#### Records to use
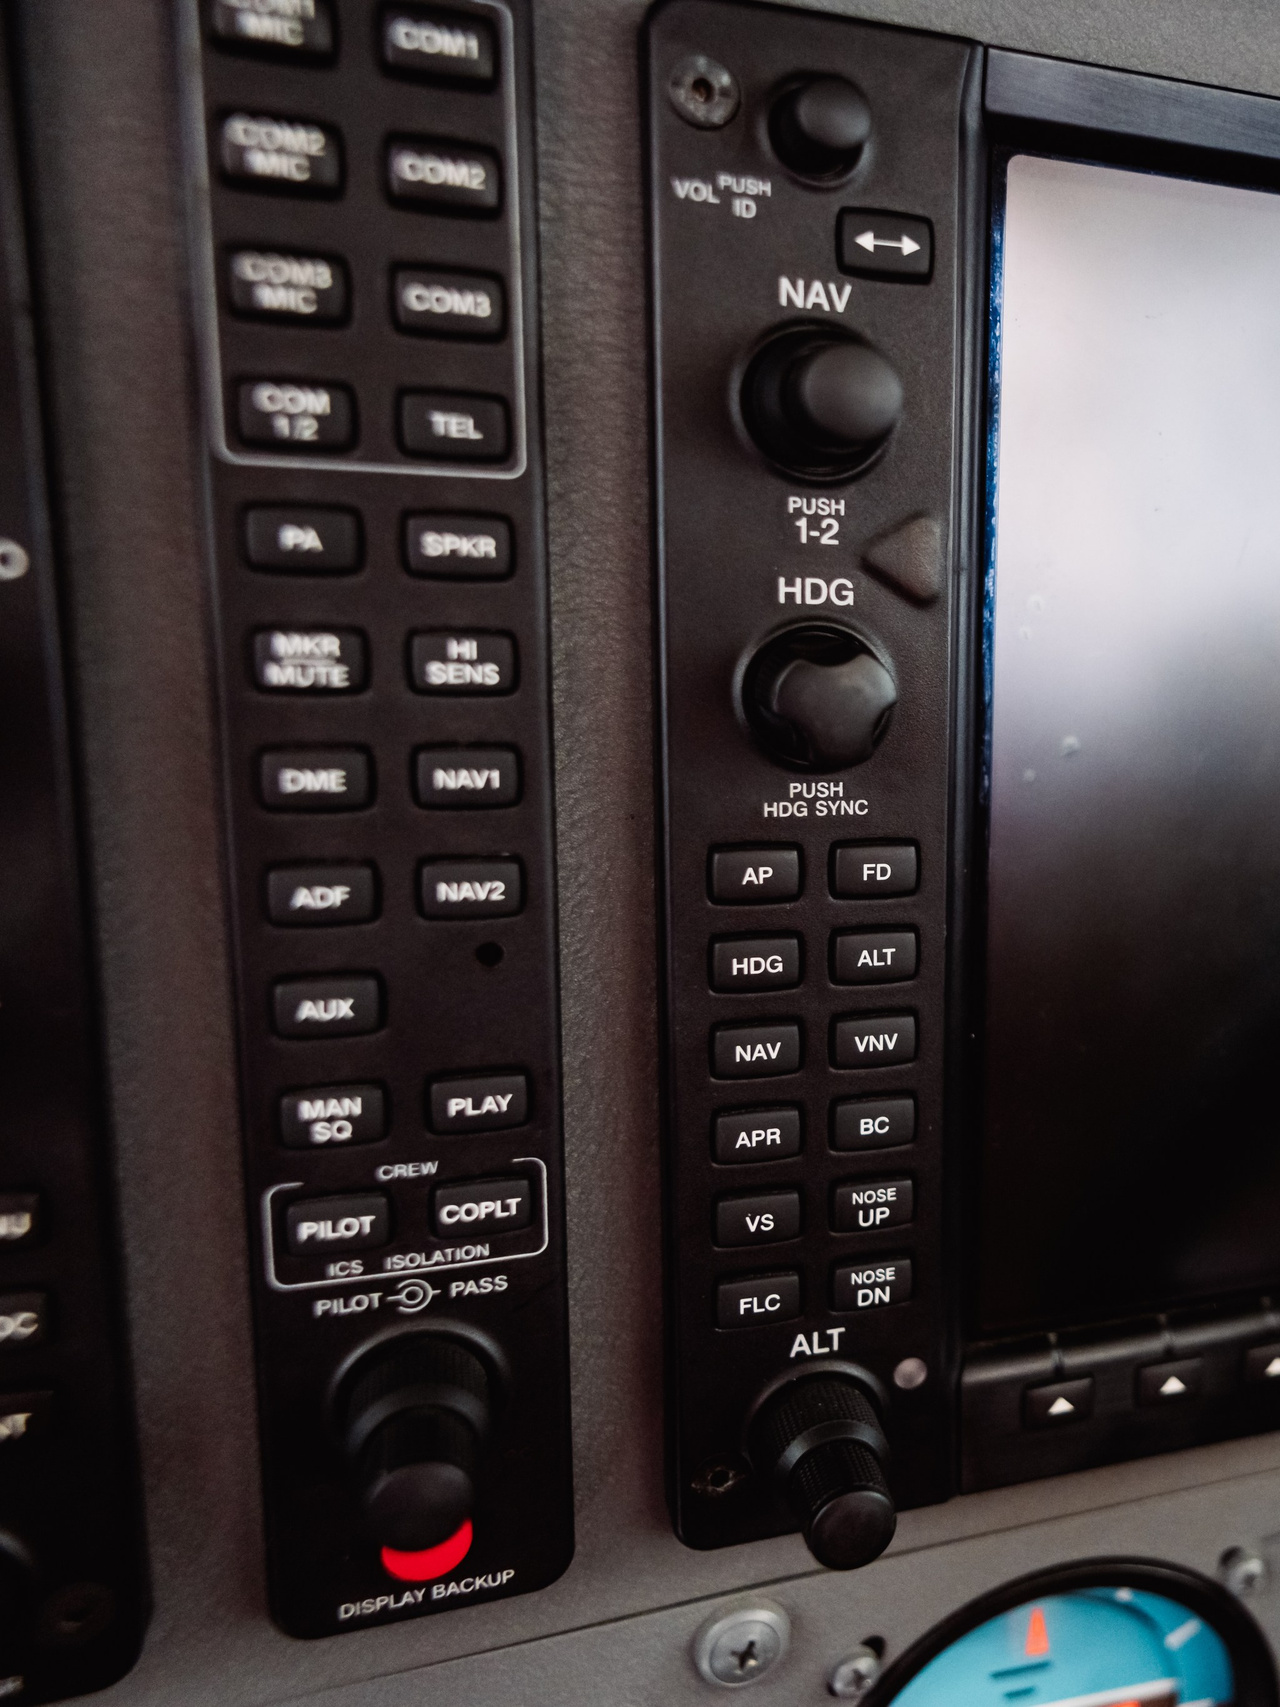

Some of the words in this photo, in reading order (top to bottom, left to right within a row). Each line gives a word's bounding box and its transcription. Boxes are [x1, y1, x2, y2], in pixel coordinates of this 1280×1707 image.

[236, 13, 304, 46] MIC
[389, 18, 479, 59] COM1
[223, 113, 326, 156] COM2
[244, 150, 311, 181] MIC
[391, 152, 486, 190] COM2
[671, 177, 721, 203] VOL
[716, 171, 772, 197] PUSH
[731, 199, 757, 219] ID
[253, 283, 318, 313] MIC
[401, 282, 492, 317] COM3
[778, 275, 852, 313] NAV
[251, 383, 331, 415] COM
[428, 410, 484, 439] TEL
[787, 496, 846, 516] PUSH
[277, 524, 324, 551] PA
[794, 517, 840, 545] 1-2
[420, 531, 497, 558] SPKR
[777, 576, 855, 606] HDG
[270, 632, 341, 656] MKR
[446, 638, 478, 660] HI
[263, 662, 350, 688] MUTE
[425, 660, 500, 685] SENS
[278, 768, 348, 793] DME
[432, 768, 501, 790] NAV1
[788, 782, 844, 798] PUSH
[763, 801, 808, 817] HDG
[814, 800, 869, 816] SYNC
[741, 866, 774, 885] AP
[862, 863, 892, 881] FD
[290, 885, 351, 910] ADF
[435, 880, 506, 902] NAV2
[731, 955, 784, 976] HDG
[857, 948, 896, 967] ALT
[295, 998, 355, 1022] AUX
[735, 1042, 782, 1063] NAV
[854, 1033, 899, 1052] VNV
[297, 1096, 363, 1122] MAN
[446, 1093, 513, 1117] PLAY
[309, 1120, 354, 1143] SQ
[735, 1127, 781, 1149] APR
[859, 1116, 890, 1136] BC
[375, 1160, 440, 1181] CREW
[851, 1187, 897, 1205] NOSE
[438, 1197, 522, 1225] COPLT
[745, 1214, 775, 1232] VS
[857, 1207, 891, 1227] UP
[297, 1215, 376, 1242] PILOT
[325, 1259, 365, 1278] ICS
[383, 1243, 490, 1271] ISOLATION
[850, 1267, 896, 1285] NOSE
[313, 1292, 383, 1317] PILOT
[449, 1275, 509, 1298] PASS
[739, 1294, 781, 1315] FLC
[857, 1286, 891, 1307] DN
[788, 1327, 846, 1358] ALT
[337, 1588, 427, 1621] DISPLAY
[431, 1568, 516, 1600] BACKUP
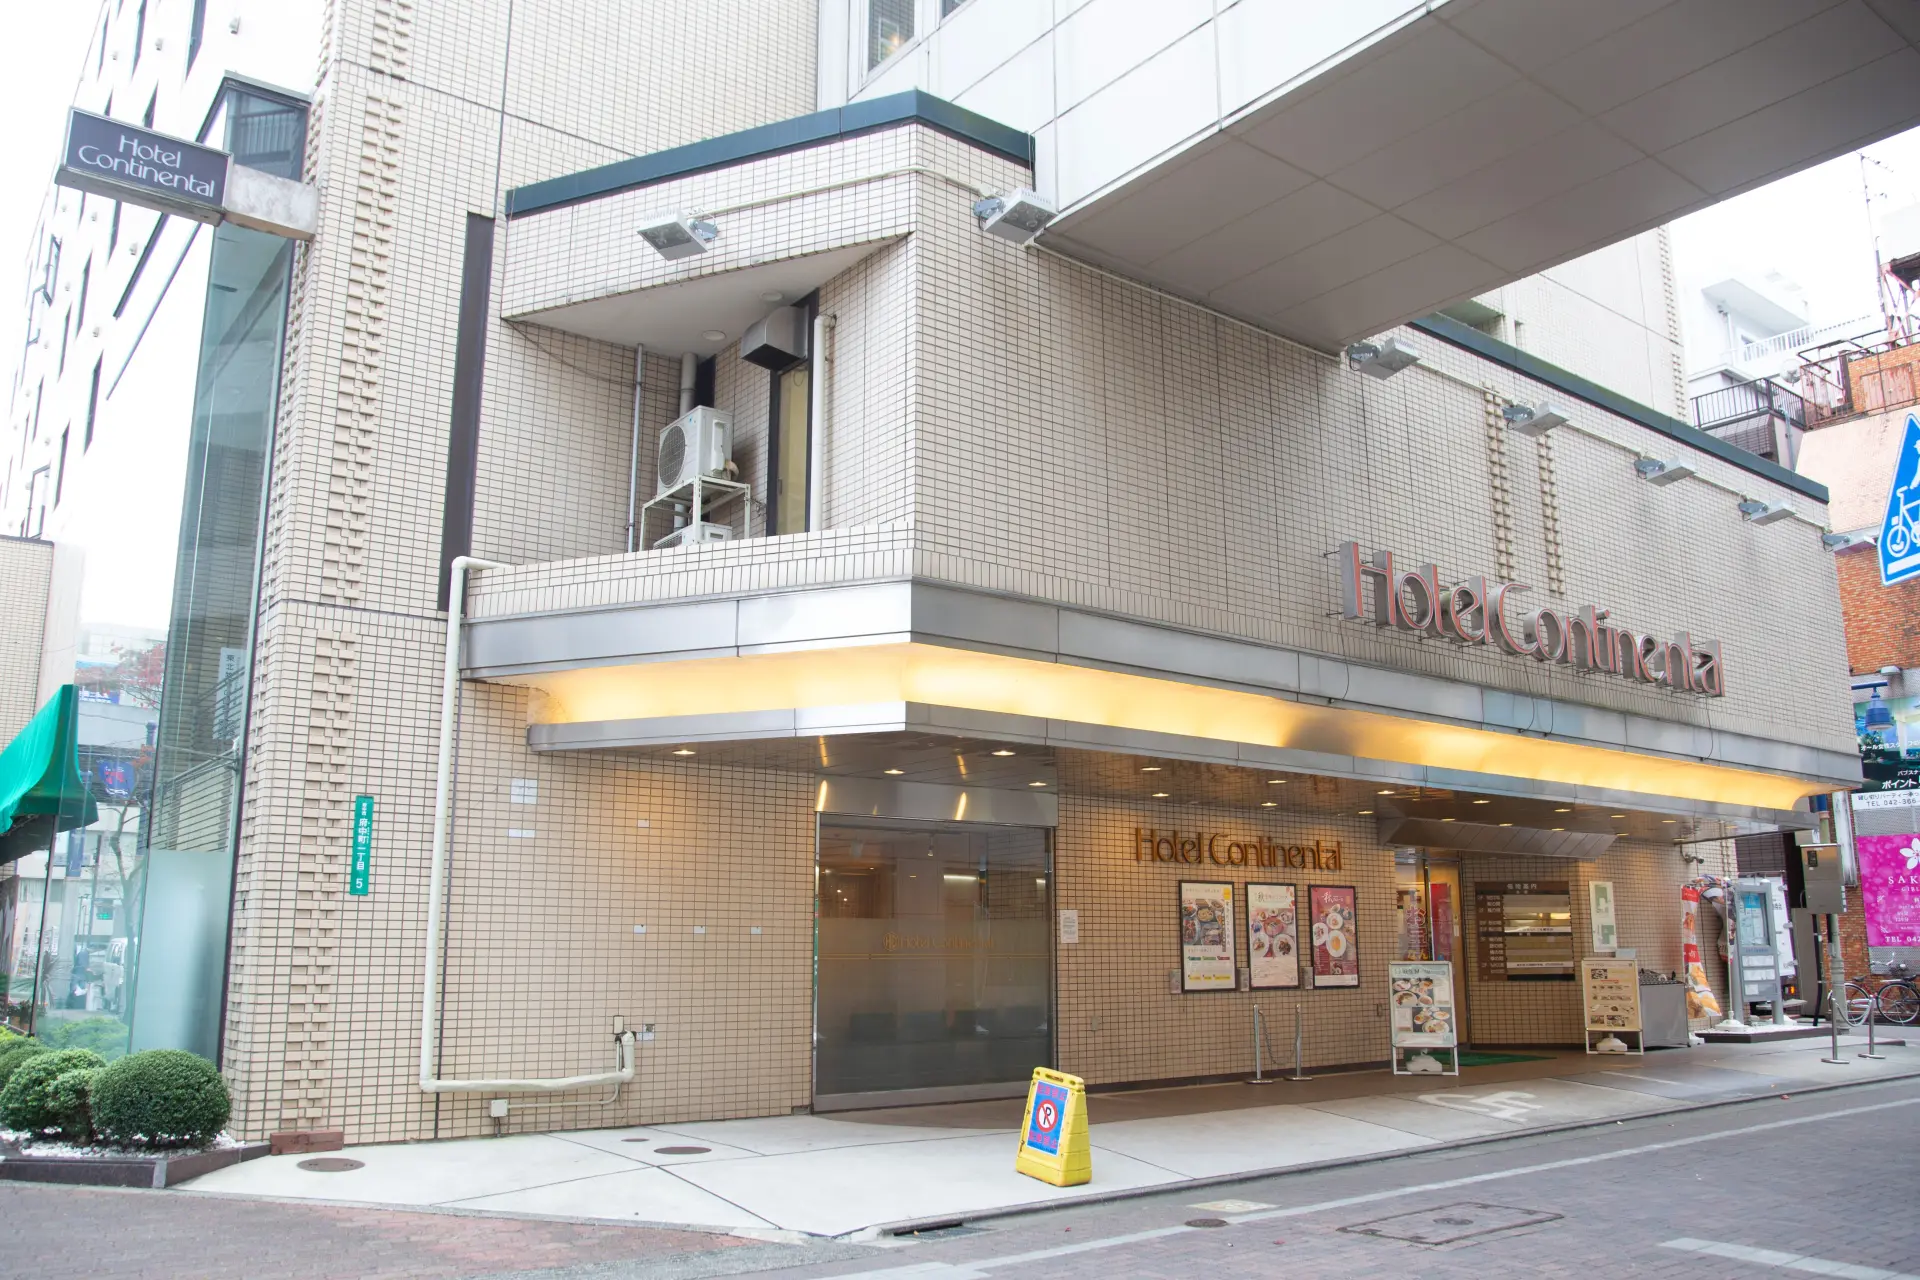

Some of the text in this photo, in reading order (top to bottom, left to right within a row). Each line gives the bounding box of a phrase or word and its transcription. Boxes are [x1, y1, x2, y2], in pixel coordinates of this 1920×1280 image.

#### Problem to solve
The result should be a precise copy of all the entries, free of pictures.

#### Written solution
Some of the words in this photo, in reading order (top to bottom, left to right within a row). Each line gives a word's bounding box and its transcription. Boxes are [x1, y1, x2, y2], in pixel coordinates of this 1280×1707 image.

[236, 13, 304, 46] MIC
[389, 18, 479, 59] COM1
[223, 113, 326, 156] COM2
[244, 150, 311, 181] MIC
[391, 152, 486, 190] COM2
[671, 177, 721, 203] VOL
[716, 171, 772, 197] PUSH
[731, 199, 757, 219] ID
[253, 283, 318, 313] MIC
[401, 282, 492, 317] COM3
[778, 275, 852, 313] NAV
[251, 383, 331, 415] COM
[428, 410, 484, 439] TEL
[787, 496, 846, 516] PUSH
[277, 524, 324, 551] PA
[794, 517, 840, 545] 1-2
[420, 531, 497, 558] SPKR
[777, 576, 855, 606] HDG
[270, 632, 341, 656] MKR
[446, 638, 478, 660] HI
[263, 662, 350, 688] MUTE
[425, 660, 500, 685] SENS
[278, 768, 348, 793] DME
[432, 768, 501, 790] NAV1
[788, 782, 844, 798] PUSH
[763, 801, 808, 817] HDG
[814, 800, 869, 816] SYNC
[741, 866, 774, 885] AP
[862, 863, 892, 881] FD
[290, 885, 351, 910] ADF
[435, 880, 506, 902] NAV2
[731, 955, 784, 976] HDG
[857, 948, 896, 967] ALT
[295, 998, 355, 1022] AUX
[735, 1042, 782, 1063] NAV
[854, 1033, 899, 1052] VNV
[297, 1096, 363, 1122] MAN
[446, 1093, 513, 1117] PLAY
[309, 1120, 354, 1143] SQ
[735, 1127, 781, 1149] APR
[859, 1116, 890, 1136] BC
[375, 1160, 440, 1181] CREW
[851, 1187, 897, 1205] NOSE
[438, 1197, 522, 1225] COPLT
[745, 1214, 775, 1232] VS
[857, 1207, 891, 1227] UP
[297, 1215, 376, 1242] PILOT
[325, 1259, 365, 1278] ICS
[383, 1243, 490, 1271] ISOLATION
[850, 1267, 896, 1285] NOSE
[313, 1292, 383, 1317] PILOT
[449, 1275, 509, 1298] PASS
[739, 1294, 781, 1315] FLC
[857, 1286, 891, 1307] DN
[788, 1327, 846, 1358] ALT
[337, 1588, 427, 1621] DISPLAY
[431, 1568, 516, 1600] BACKUP

Some of the text in this photo, in reading order (top to bottom, left to right within a row). Each line gives the bounding box of a phrase or word and its transcription. Boxes are [x1, y1, x2, y2], in pixel coordinates of this 1920×1280 image.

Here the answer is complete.